Dany awoke suddenly, very early, the next morning with a brooding headache behind her right eye. Cowering from the pale light that filtered into her house, she felt like a cave creature that had only just emerged after a season's rest in the darkness. She could tell, squinting to look between her lashes, that Jon was out of bed, but she did not hear any evidence of him moving around the house. Probably checking the damage, Dany thought.
The wind from the storm had picked up in the evening, and though Rose fell asleep easily amidst the howls and clatters from outside, Dany was not so lucky. She lay in bed for hours listening to Jon's steady breathing mix with the storm, attempting to will herself to sleep as her mind slipped deeper into a dark place of memory and fear.
Jon had been right. She did want to make these amends. To own up to her mistakes, her faults, her failings, even if nobody else would. To be the person she wanted her daughter to be when she came of age. Strong, independent, kind. With none of the brutality and all of the love. Doing this - saving these people - could be the answer. But to take up the helm of ending slavery through violence and destruction as she had done once before? Was Slavers' Bay any better now? Had she ever really succeeded in doing anything past causing more strife? And did she know any other way to stop the slavers than through violence?

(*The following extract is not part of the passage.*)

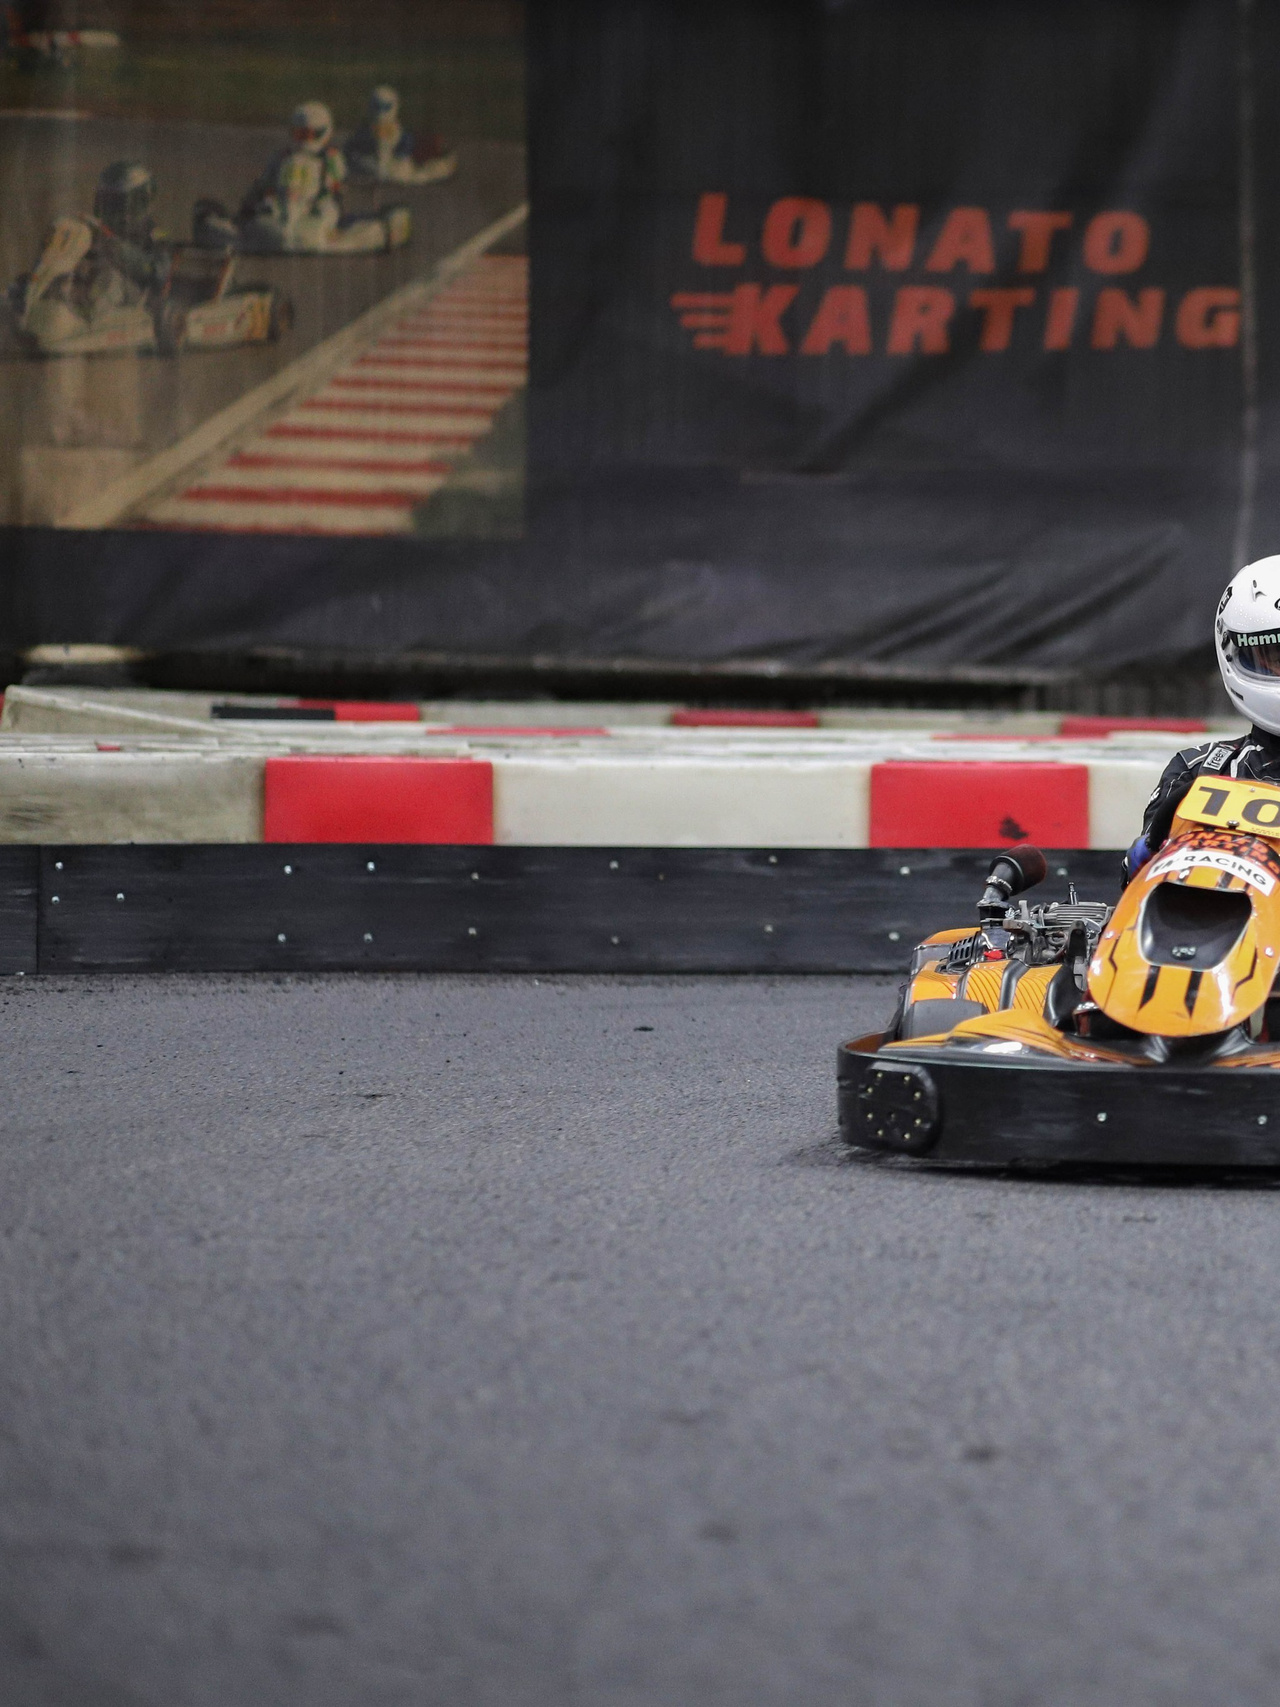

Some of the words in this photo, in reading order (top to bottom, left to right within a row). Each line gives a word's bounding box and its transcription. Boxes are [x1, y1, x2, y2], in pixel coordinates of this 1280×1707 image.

[692, 193, 1150, 275] LONATO
[715, 283, 1243, 355] KARTING
[1184, 855, 1267, 885] RACING

She had always scoffed at Tyrion's ideas of trying to solve things with words, preferring the immediacy of actions to get what she needed. And yet, now, it seemed as if the roles were reversed. How desperate must Tyrion be to advise that they should come and ask for her help, knowing how the Daenerys Targaryen of old liked to solve problems? I'm going to tell them I can't help, she thought unconvincingly.
She could help.
She didn't want to help.
She didn't want to help the way she knew how. And at this point, it didn't feel like there was another way. Was there?
Dichotomic thoughts still running through her head (Forgiveness and fear? Forgiveness or fear?), Dany gave up trying to get back to sleep and rolled out of the bed. Quietly, she padded barefoot to Rose's room, where her daughter still slept.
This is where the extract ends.